[Opening Available data section]
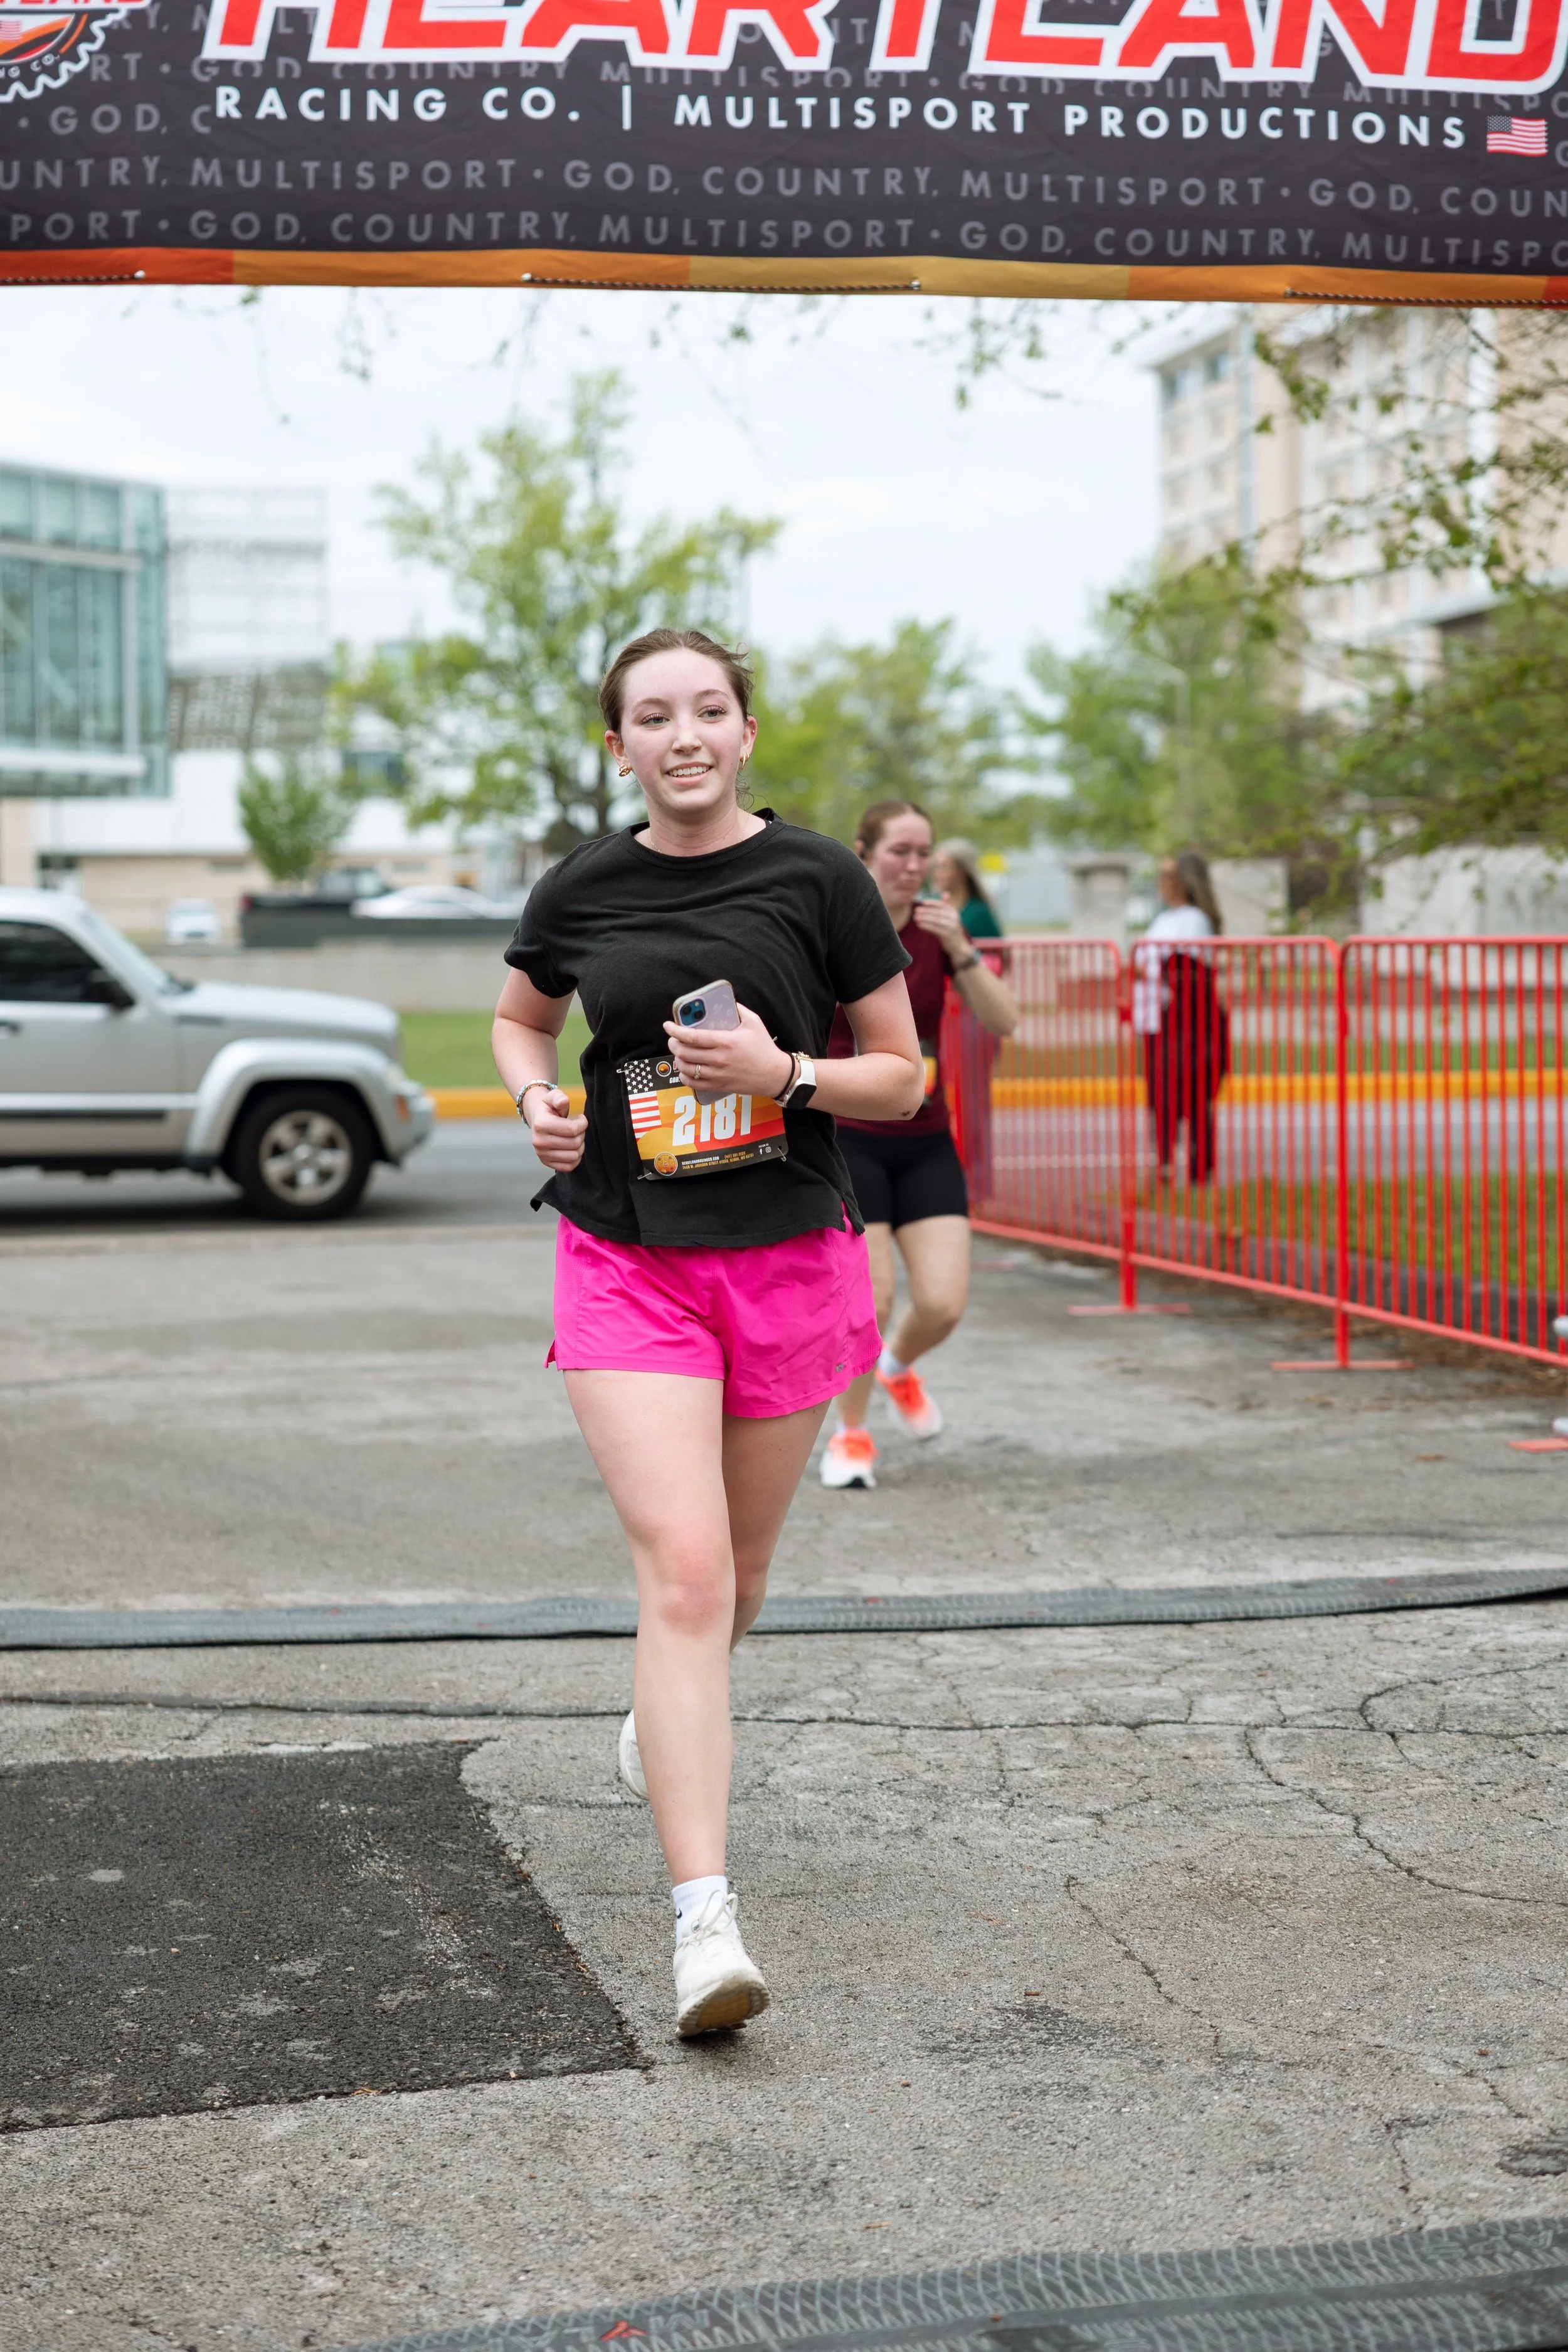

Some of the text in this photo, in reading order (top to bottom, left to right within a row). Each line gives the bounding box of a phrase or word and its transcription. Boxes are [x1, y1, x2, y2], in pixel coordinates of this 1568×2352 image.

[49, 103, 168, 135] GOD,
[215, 85, 448, 122] RACING
[482, 87, 580, 121] CO.
[674, 94, 1030, 134] MULTISPORT
[1064, 104, 1466, 149] PRODUCTIONS
[190, 157, 516, 191] MULTISPORT
[564, 159, 680, 196] GOD,
[702, 166, 940, 197] COUNTRY,
[960, 169, 1266, 206] MULTISPORT
[1308, 178, 1419, 215] GOD,
[189, 209, 306, 244] GOD,
[331, 211, 576, 243] COUNTRY,
[599, 215, 913, 248] MULTISPORT
[960, 221, 1072, 256] GOD,
[1094, 228, 1321, 258] COUNTRY,
[672, 1093, 752, 1147] 2181
[Closing Available data section]
● What you are asked to do:
Would you write out each entry word for word and omit the images?

● Written response:
Some of the text in this photo, in reading order (top to bottom, left to right within a row). Each line gives the bounding box of a phrase or word and its transcription. Boxes are [x1, y1, x2, y2], in pixel coordinates of this 1568×2352 image.

[49, 103, 168, 135] GOD,
[215, 85, 448, 122] RACING
[482, 87, 580, 121] CO.
[674, 94, 1030, 134] MULTISPORT
[1064, 104, 1466, 149] PRODUCTIONS
[190, 157, 516, 191] MULTISPORT
[564, 159, 680, 196] GOD,
[702, 166, 940, 197] COUNTRY,
[960, 169, 1266, 206] MULTISPORT
[1308, 178, 1419, 215] GOD,
[189, 209, 306, 244] GOD,
[331, 211, 576, 243] COUNTRY,
[599, 215, 913, 248] MULTISPORT
[960, 221, 1072, 256] GOD,
[1094, 228, 1321, 258] COUNTRY,
[672, 1093, 752, 1147] 2181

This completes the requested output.